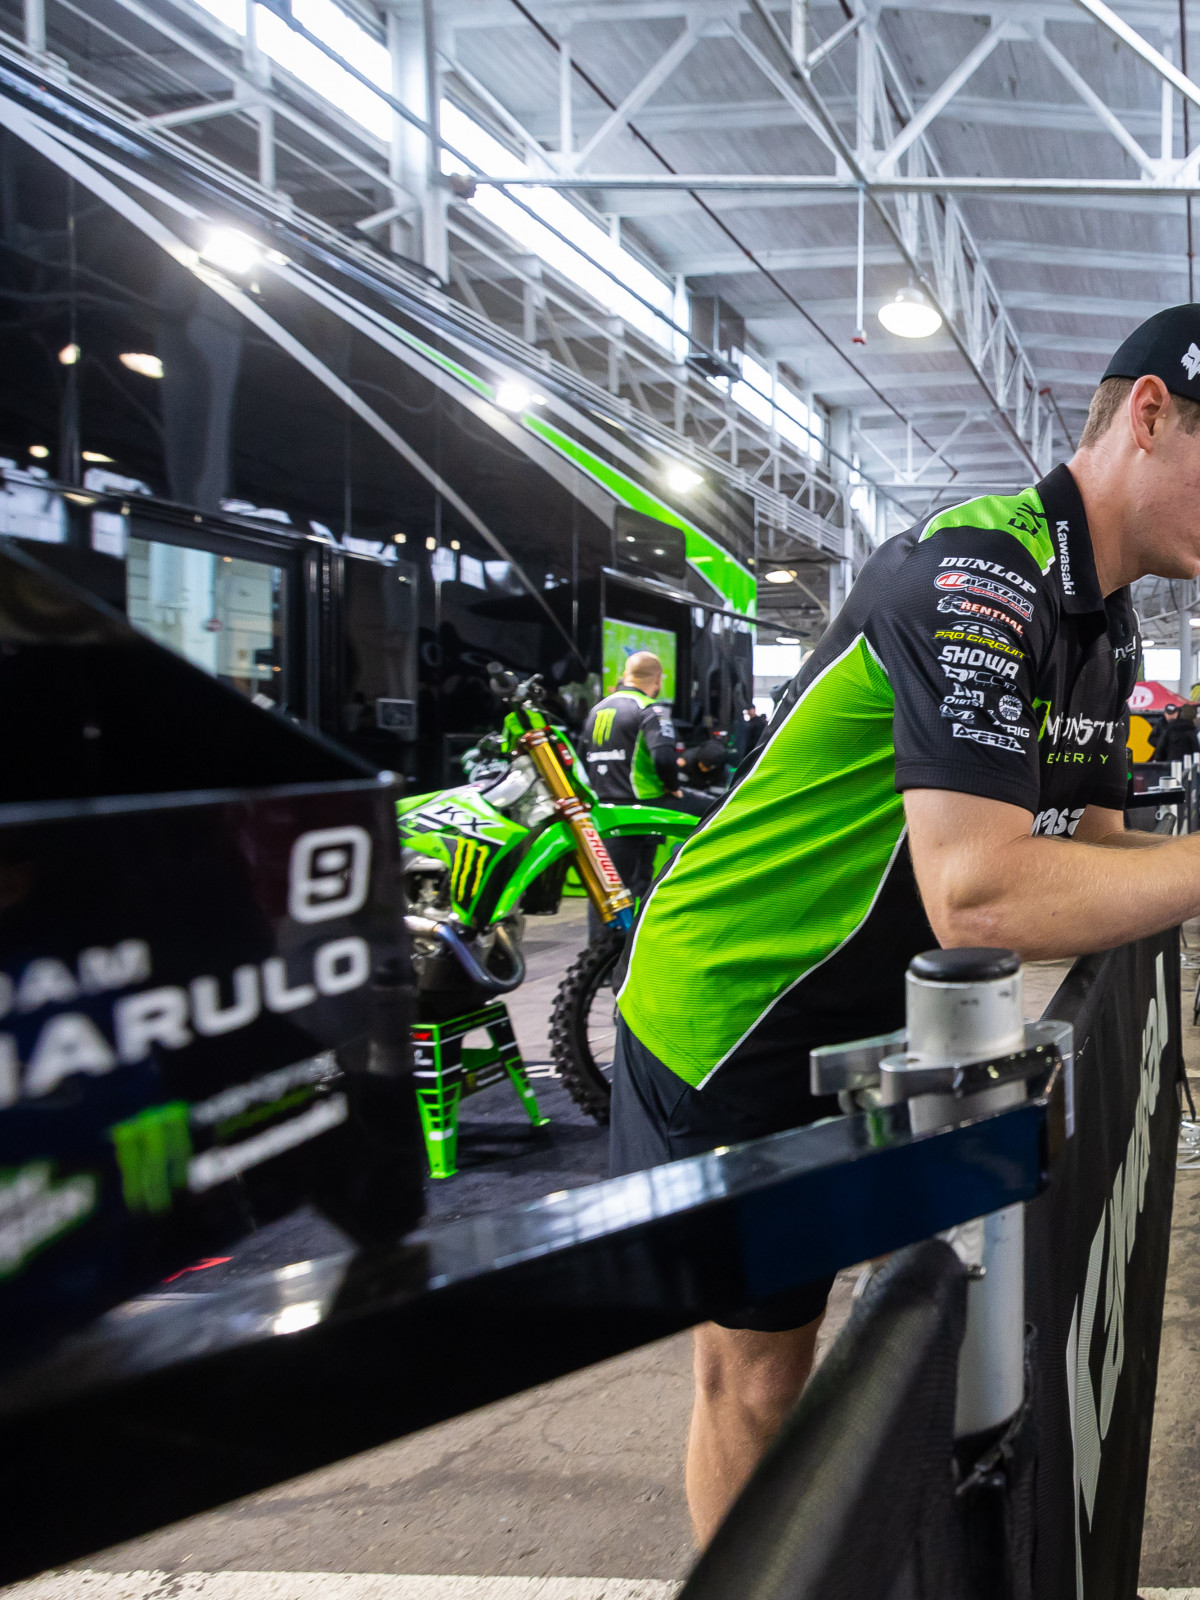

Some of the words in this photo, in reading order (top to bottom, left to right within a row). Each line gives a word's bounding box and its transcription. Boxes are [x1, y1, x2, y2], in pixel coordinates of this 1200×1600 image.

[938, 557, 1037, 594] DUNLOP
[1055, 520, 1076, 596] Kawasaki
[960, 601, 1024, 636] RENTHAL
[934, 631, 966, 641] PRO
[966, 633, 1025, 659] CIRCUIT
[938, 645, 1020, 680] SHOWA
[424, 806, 493, 833] KX
[585, 830, 621, 882] SHOWA
******
Leaving the pictures out, transcribe the entries above exactly as written.

■ COMPLETED TASK
Some of the words in this photo, in reading order (top to bottom, left to right within a row). Each line gives a word's bounding box and its transcription. Boxes are [x1, y1, x2, y2], in pixel coordinates of this 1200×1600 image.

[938, 557, 1037, 594] DUNLOP
[1055, 520, 1076, 596] Kawasaki
[960, 601, 1024, 636] RENTHAL
[934, 631, 966, 641] PRO
[966, 633, 1025, 659] CIRCUIT
[938, 645, 1020, 680] SHOWA
[424, 806, 493, 833] KX
[585, 830, 621, 882] SHOWA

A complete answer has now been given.